She offers in a strained formality, with a small bow of her head. Darcy wants to be useful, more than anything, and Clarke handles herself with the sharp calculation of someone that she could trust to make good use of her. A thinker, to temper Darcy's impulse and brute strength.
That demure angle of her neck, the formality of the bow... It's all super uncomfortable, but nothing Clarke hasn't stood tall and weathered before. She'd earned a reputation back home, and with it came a bloodied sort of respect. And no matter how much she'd hated it, she'd used it for the benefit of her people.
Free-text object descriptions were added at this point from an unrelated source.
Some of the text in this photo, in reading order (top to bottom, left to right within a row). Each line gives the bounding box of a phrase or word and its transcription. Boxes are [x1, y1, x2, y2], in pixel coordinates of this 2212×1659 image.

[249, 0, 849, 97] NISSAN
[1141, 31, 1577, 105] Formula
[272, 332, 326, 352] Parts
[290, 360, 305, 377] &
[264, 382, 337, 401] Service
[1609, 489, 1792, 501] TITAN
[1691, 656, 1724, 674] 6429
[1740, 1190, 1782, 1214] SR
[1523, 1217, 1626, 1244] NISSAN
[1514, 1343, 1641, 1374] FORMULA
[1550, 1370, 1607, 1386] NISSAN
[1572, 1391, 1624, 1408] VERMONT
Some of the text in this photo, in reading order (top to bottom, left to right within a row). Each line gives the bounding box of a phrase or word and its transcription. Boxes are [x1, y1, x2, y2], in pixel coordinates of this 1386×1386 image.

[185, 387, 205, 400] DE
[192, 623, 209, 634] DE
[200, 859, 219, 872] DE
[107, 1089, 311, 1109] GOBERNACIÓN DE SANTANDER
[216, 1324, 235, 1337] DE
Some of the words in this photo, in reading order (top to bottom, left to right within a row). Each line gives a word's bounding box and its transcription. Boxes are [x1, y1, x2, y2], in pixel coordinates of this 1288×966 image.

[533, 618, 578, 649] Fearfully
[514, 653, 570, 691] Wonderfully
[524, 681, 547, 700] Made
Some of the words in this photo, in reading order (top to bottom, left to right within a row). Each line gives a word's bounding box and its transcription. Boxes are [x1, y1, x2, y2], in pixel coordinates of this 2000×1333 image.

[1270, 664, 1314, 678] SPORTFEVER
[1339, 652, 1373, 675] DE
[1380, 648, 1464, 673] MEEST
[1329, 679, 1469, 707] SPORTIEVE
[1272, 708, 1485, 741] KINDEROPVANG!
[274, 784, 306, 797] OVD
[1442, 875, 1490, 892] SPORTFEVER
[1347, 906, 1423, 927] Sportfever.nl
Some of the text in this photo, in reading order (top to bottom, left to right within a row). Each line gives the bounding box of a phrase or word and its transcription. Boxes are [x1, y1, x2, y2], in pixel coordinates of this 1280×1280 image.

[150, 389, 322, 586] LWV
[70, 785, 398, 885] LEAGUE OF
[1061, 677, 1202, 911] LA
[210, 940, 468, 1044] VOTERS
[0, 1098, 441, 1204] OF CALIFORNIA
"I'm just a human." Augmented maybe, but rebuilt to withstand high levels of radiation, not head voids and resurrection magic. "I can't do anything nearly as complex as you do. I can't do magic, I barely even understand it. I could use your help with that, if you're offering."
Someone in her corner, you know? Except more accurately, someone at her elbow the next time she charges towards oblivion without a trace of abandon. She means to resist, but there's absolutely a glance down to Darcy's sword, then back up to her eyes. I need weapons, I need to win, the wartime narrative echoes over and over again in Clarke's head, her own personal Scream.
Of course, again another person wants her for what she's weakest in. Skulduggery for her wits and Clarke for her powers, as if they weren't an unwanted gift foisted on her for overcoming death.
"You'll want someone like Palamedes if you want to know how it works. I don't get a lot of it myself, aside from what I've picked up, I just do it. But if you want someone to do magic for you," she steps into Clarke's shadow and reappears in the rafters, Cheshire-cat-like, with a smug smile to match.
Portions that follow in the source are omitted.